When getting started with R, a good first step is to install the amazing RStudio IDE. Once this is done, we recommend you to have a look at the following popular packages:

  1. dplyr, plyr and data.table to easily manipulate packages
  2. stringr to manipulate strings
  3. zoo to work with regular and irregular time series
  4. ggvis, lattice, and ggplot2 to visualize data
  5. caret for machine learning

When and how to use Python?

Our goal is to Analyse the data and come to a conclusion; but how to show the conclusion for users, which can be said as an important step in final output as we concern. Here comes help of python. Using Python we can integrate the Data analysis with web apps, we can show as statistic graph or even populate data to a Database. Being a continuously integrating programming language, it’s a great tool to implement algorithms for production use.

While the infancy of Python packages for data analysis was an issue in the past, this has improved significantly over the years. We can use NumPy /SciPy (scientific computing) and pandas (data manipulation) to make Python usable for data analysis.  Also have a look at matplotlib to make graphics, and scikit-learn for machine learning.

Unlike R, Python has no clear “winning” IDE. We recommend you to have a look at Spyder, IPython Notebook and Rodeo, Pycharm to see which one best fits your needs.

Important Numbers

The numbers clearly show that more people move towards python, nowadays.

Pros and cons of R

Pro: A picture says more than a thousand words
Represent data or Pictorial Data which can explain a lot than numbers. R is excellent for the same. Some must-see visualization packages are ggplot2, ggvis, googleVis and rCharts.

Pro: R Community
R has a good and constantly updating community and packages around. Packages are available at CRAN, BioConductor and Github. You can search through all R packages at Rdocumentation.

Pro: R lingua franca of data science
R is developed by statisticians for statisticians, it is not basically a computer science background developed. They can communicate ideas and concepts through R code and packages, you don’t necessarily need a computer science background to get started.

Con: R is slow
R will follow a lot of codes to minimize the data structuring and all, it slows down speed due to handling this much data. It eats the computer, there are multiple packages to improve R’s performance: pqR,  FastR, Riposte and many more.
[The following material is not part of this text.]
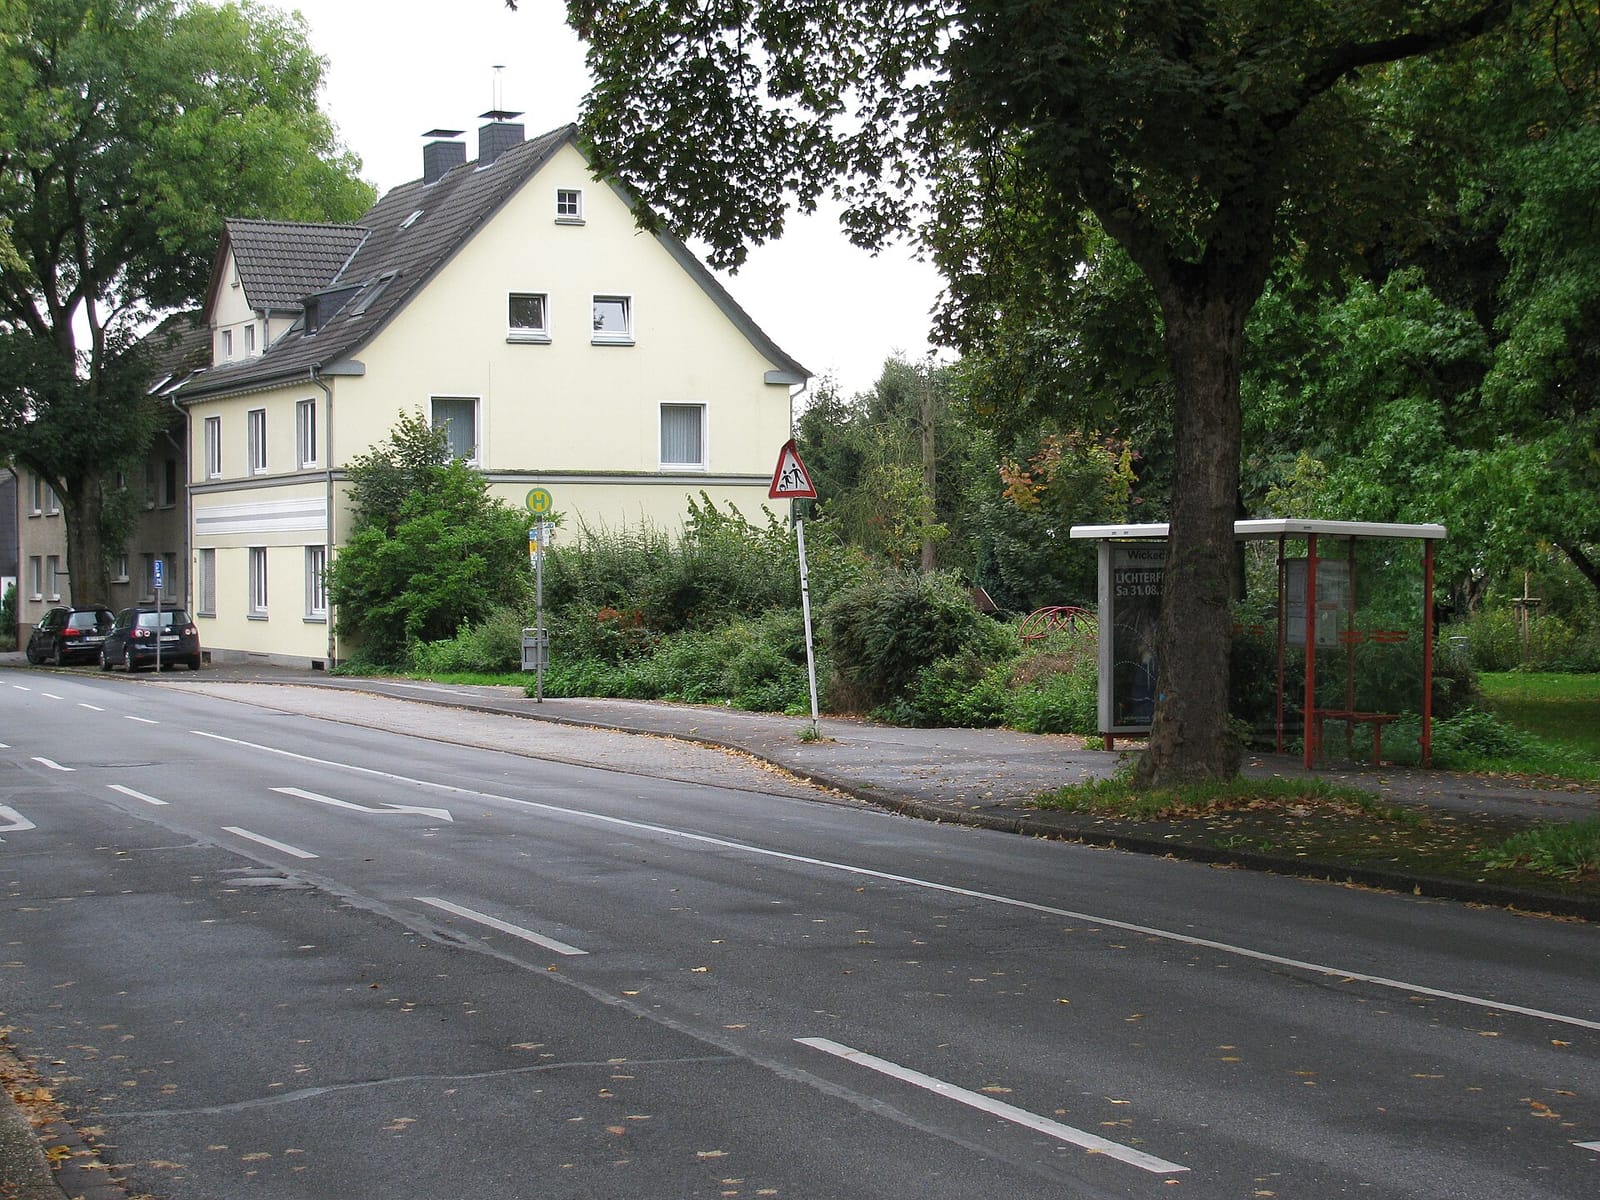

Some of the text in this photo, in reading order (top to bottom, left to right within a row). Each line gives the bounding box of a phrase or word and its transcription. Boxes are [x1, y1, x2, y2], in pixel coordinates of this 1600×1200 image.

[532, 494, 546, 509] H
[1127, 550, 1168, 560] Wicked
[1116, 585, 1128, 597] Sa
Con: R has a steep learning curve
R’s learning curve is non-trivial, especially if you come from a GUI for your statistical analysis. Even finding packages can be time-consuming if you’re not familiar with it.

Pros and cons of Python

Pro: IPython Notebook
The IPython Notebook makes it easier to work with Python and data. You can easily share your code with your colleagues without any installation.  This will reduce issues regarding organizing code, output and notes files. Thus more time in coding.
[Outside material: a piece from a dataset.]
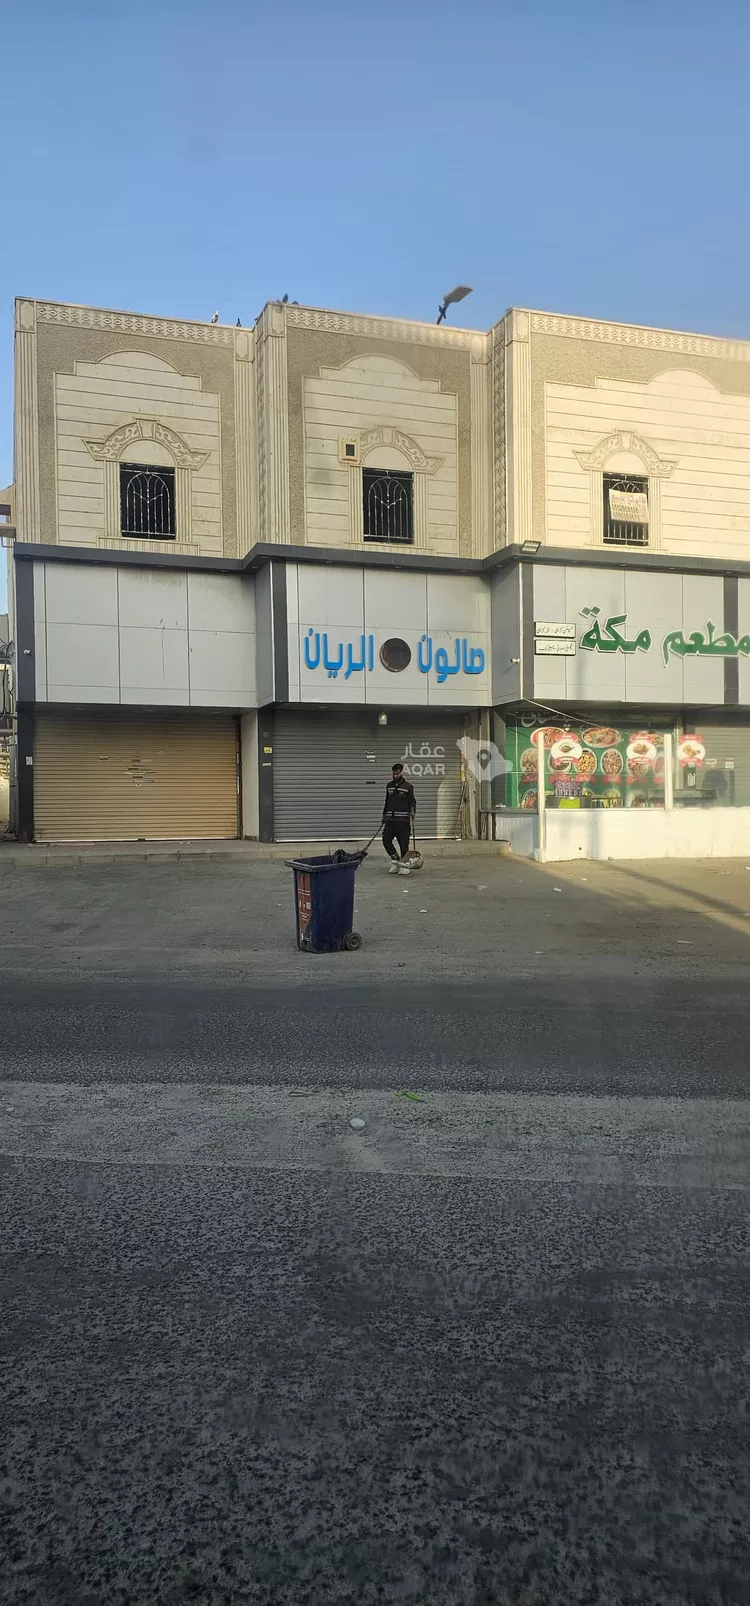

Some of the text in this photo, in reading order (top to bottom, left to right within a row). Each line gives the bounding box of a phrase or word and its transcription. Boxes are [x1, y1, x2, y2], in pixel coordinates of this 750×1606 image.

[304, 628, 485, 683] صالون الريان
[579, 606, 652, 654] مكة
Pro: A general purpose language
Python is a general purpose language. This gives it an easy to learn, and it increases the speed at which you can write a program. You need less time to code and you have more time to play get data. Furthermore, the Python testing framework is a built-in, low-barrier-to-entry testing framework that encourages good test coverage. So the code will be reusable and dependable.

Pro: A multi-purpose language
As a common, easy to understand language that is known by programmers and that can easily be learned by all kind of people, you can build a single tool that integrates with every part of your workflow.

Pro/Con: Visualizations
Visualizations are important criteria when choosing data analysis software. Although Python has some nice visualization libraries, such as Seaborn, Bokeh and Pygal, there are maybe too many options to choose from. Moreover, compared to R, visualizations are usually more, and the results are not always so pleasing to the eye.

Con: Python is a challenger
Python is a challenger to R. It Does not offer much package strength than R.

Finally, Who Wins the title?

We cannot say really who win or lose, The answer is really depending. Let us look at these basic questions which can be used to solve this.

  1. What problems do you want to solve?
  2. What are the net costs for learning a language?
  3. What are the commonly used tools in your field?
  4. What are the other available tools and how do these relate to the commonly used tools?